■ **To do**
No pictures should appear in the copy. Reproduce exactly the lines from the one containing "this 1600×1066 image." through the end of the material below.

————

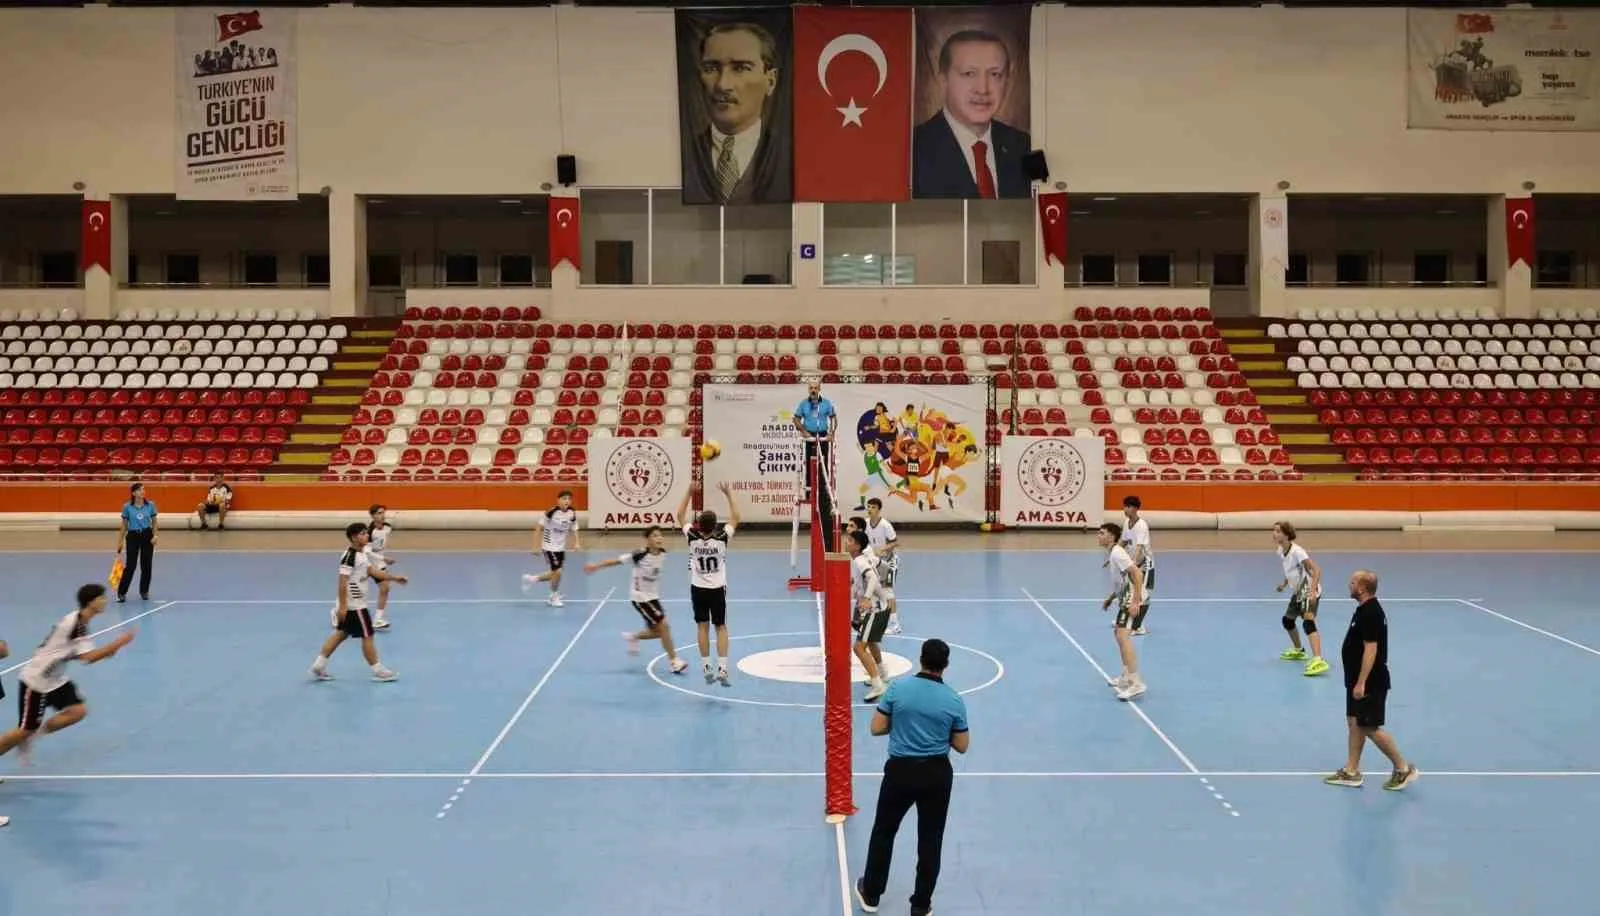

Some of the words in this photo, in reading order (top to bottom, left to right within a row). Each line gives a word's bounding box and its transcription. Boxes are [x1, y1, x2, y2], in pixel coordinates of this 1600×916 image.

[206, 96, 266, 127] GÜCÜ
[186, 120, 285, 157] GENÇLİĞİ
[804, 247, 812, 256] C
[771, 507, 794, 516] AMASY
[1016, 510, 1087, 522] AMASYA
[604, 512, 675, 524] AMASYA
[697, 556, 718, 573] 10
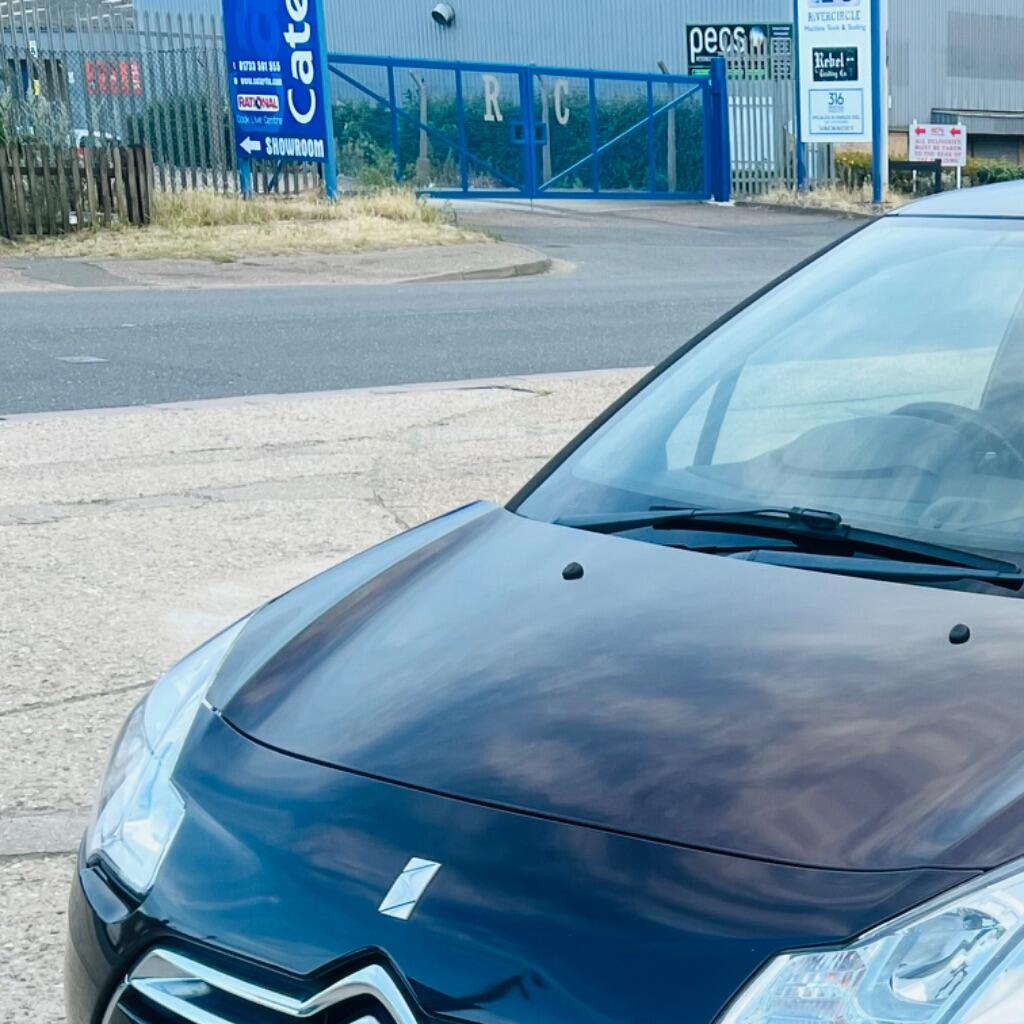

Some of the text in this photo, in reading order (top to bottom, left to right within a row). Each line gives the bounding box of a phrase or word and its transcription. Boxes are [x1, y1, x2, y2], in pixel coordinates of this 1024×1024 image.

[690, 26, 745, 63] pecs
[813, 51, 844, 69] Rebel
[239, 96, 278, 109] RATIONAL
[483, 75, 570, 125] R C
[828, 92, 844, 105] 316
[265, 136, 325, 158] SHOWROOM
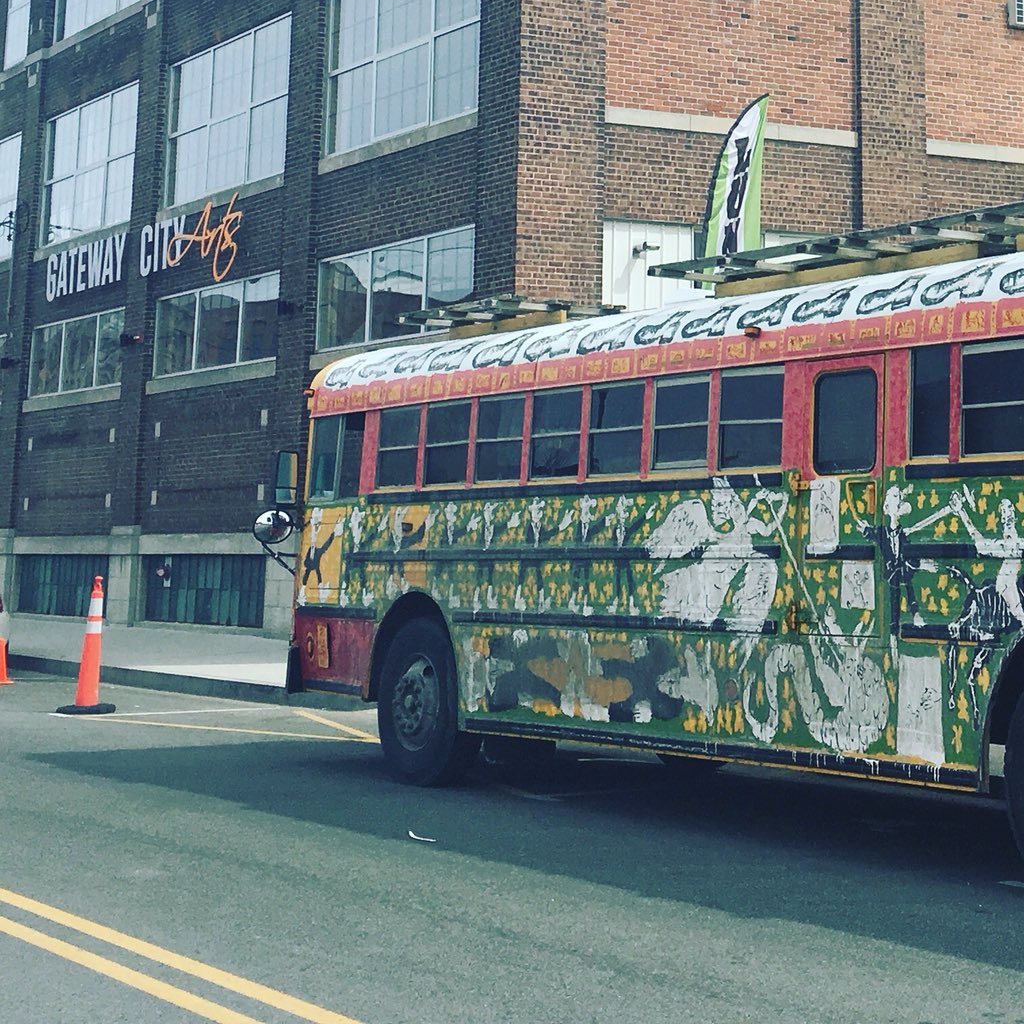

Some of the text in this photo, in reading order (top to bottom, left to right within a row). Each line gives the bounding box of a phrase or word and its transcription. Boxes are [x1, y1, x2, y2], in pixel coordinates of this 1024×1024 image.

[45, 191, 244, 303] GATEWAY CITY Arts
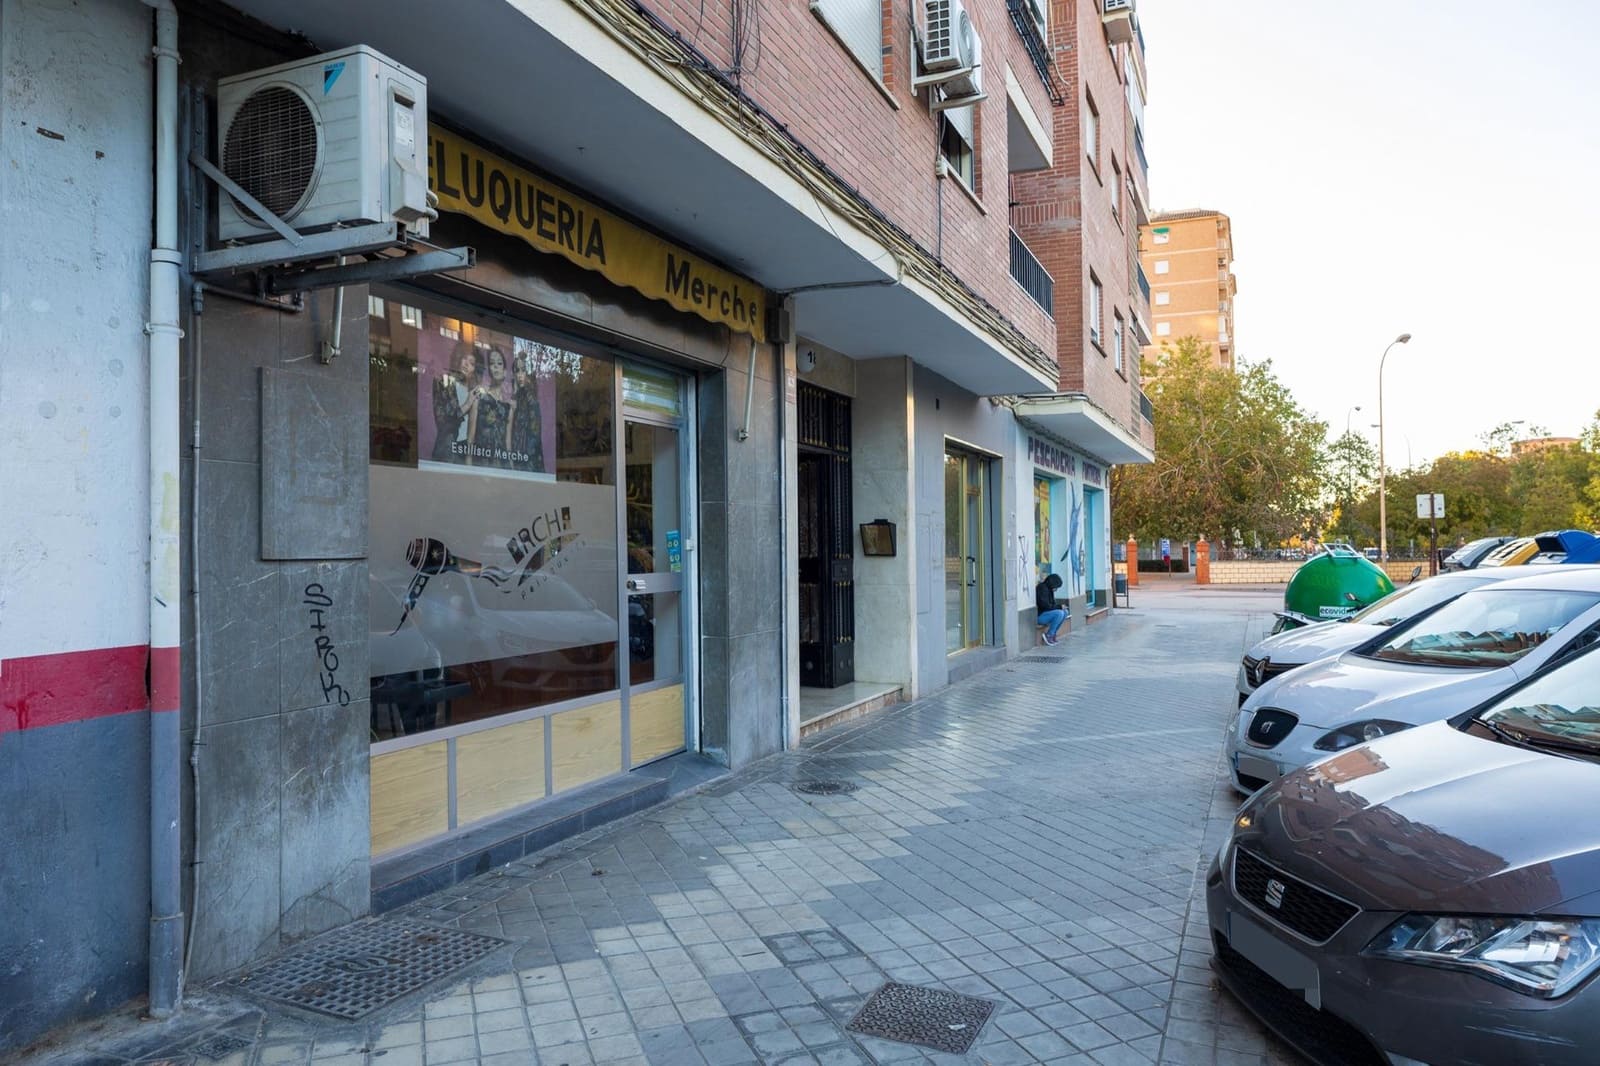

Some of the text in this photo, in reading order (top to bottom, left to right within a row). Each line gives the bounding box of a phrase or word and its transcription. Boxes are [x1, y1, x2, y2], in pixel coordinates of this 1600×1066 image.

[428, 136, 757, 325] LUQUERIA Merche
[451, 441, 529, 462] Estilista Merche
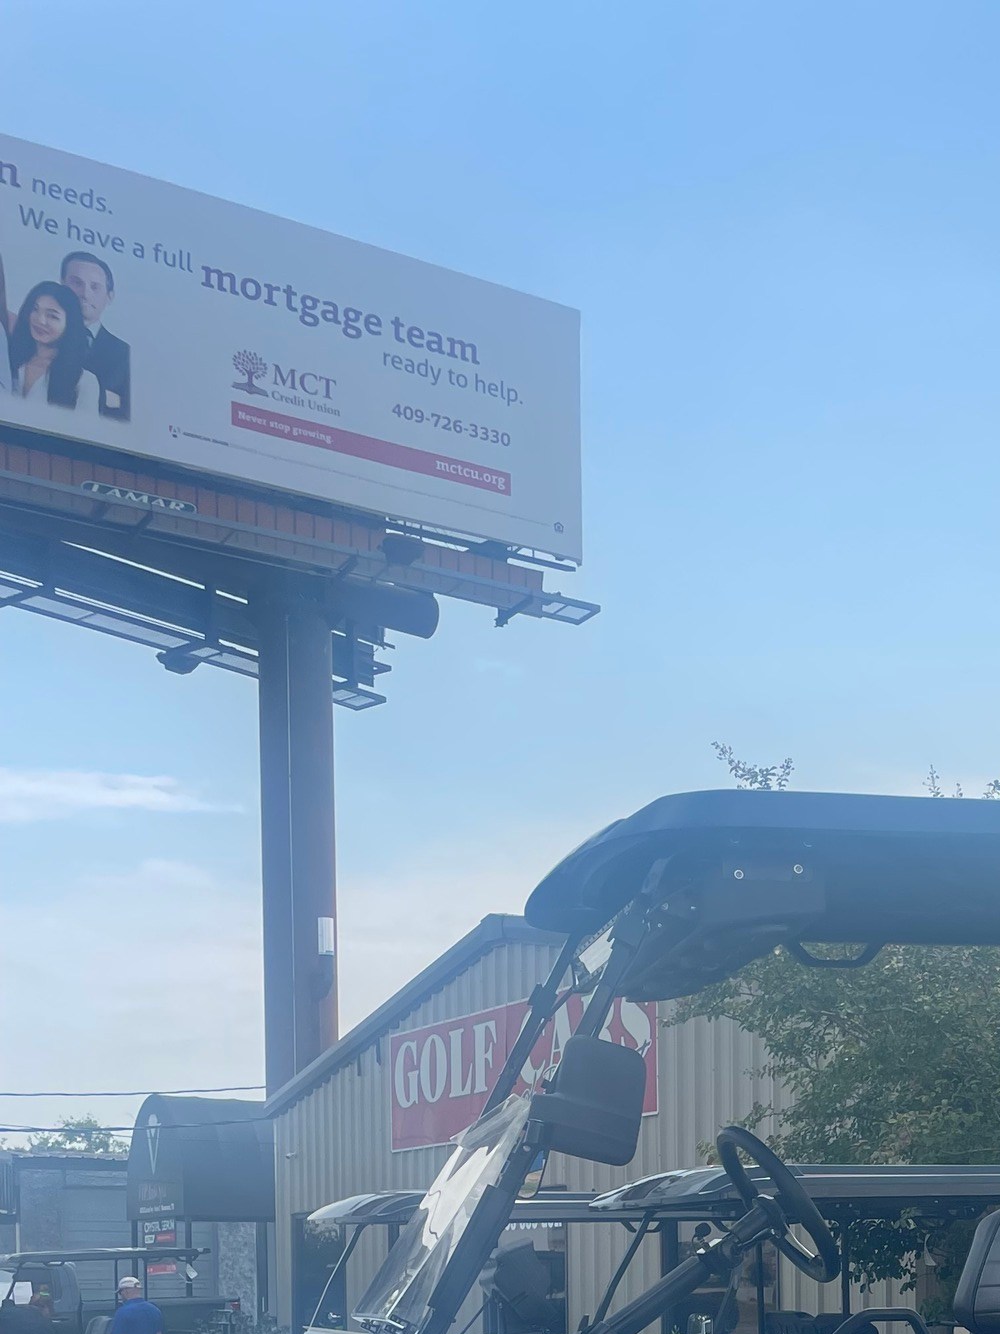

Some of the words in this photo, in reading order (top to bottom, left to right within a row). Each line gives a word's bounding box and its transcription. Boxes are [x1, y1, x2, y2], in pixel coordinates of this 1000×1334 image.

[32, 178, 113, 214] needs.
[19, 204, 58, 234] We
[67, 218, 125, 253] have
[132, 242, 145, 259] a
[153, 243, 193, 273] full
[201, 265, 383, 339] mortgage
[391, 316, 480, 365] team
[272, 363, 337, 400] MCT
[383, 352, 441, 386] ready
[448, 369, 468, 388] to
[475, 373, 523, 406] help.
[271, 391, 305, 407] Credit
[308, 400, 341, 417] Union
[238, 411, 267, 427] Never
[269, 421, 291, 435] stop
[392, 403, 511, 447] 409-726-3330
[435, 459, 506, 490] mctcu.org
[395, 1020, 497, 1109] GOLF
[519, 993, 652, 1085] CAS

————

■ **Answer section**
Some of the text in this photo, in reading order (top to bottom, left to right within a row). Each line gives the bounding box of a phrase or word and its transcription. Boxes are [x1, y1, x2, y2], in pixel coordinates of this 1600×1066 image.

[428, 136, 757, 325] LUQUERIA Merche
[451, 441, 529, 462] Estilista Merche

Some of the words in this photo, in reading order (top to bottom, left to right within a row). Each line gives a word's bounding box and its transcription. Boxes are [x1, y1, x2, y2], in pixel coordinates of this 1000×1334 image.

[32, 178, 113, 214] needs.
[19, 204, 58, 234] We
[67, 218, 125, 253] have
[132, 242, 145, 259] a
[153, 243, 193, 273] full
[201, 265, 383, 339] mortgage
[391, 316, 480, 365] team
[272, 363, 337, 400] MCT
[383, 352, 441, 386] ready
[448, 369, 468, 388] to
[475, 373, 523, 406] help.
[271, 391, 305, 407] Credit
[308, 400, 341, 417] Union
[238, 411, 267, 427] Never
[269, 421, 291, 435] stop
[392, 403, 511, 447] 409-726-3330
[435, 459, 506, 490] mctcu.org
[395, 1020, 497, 1109] GOLF
[519, 993, 652, 1085] CAS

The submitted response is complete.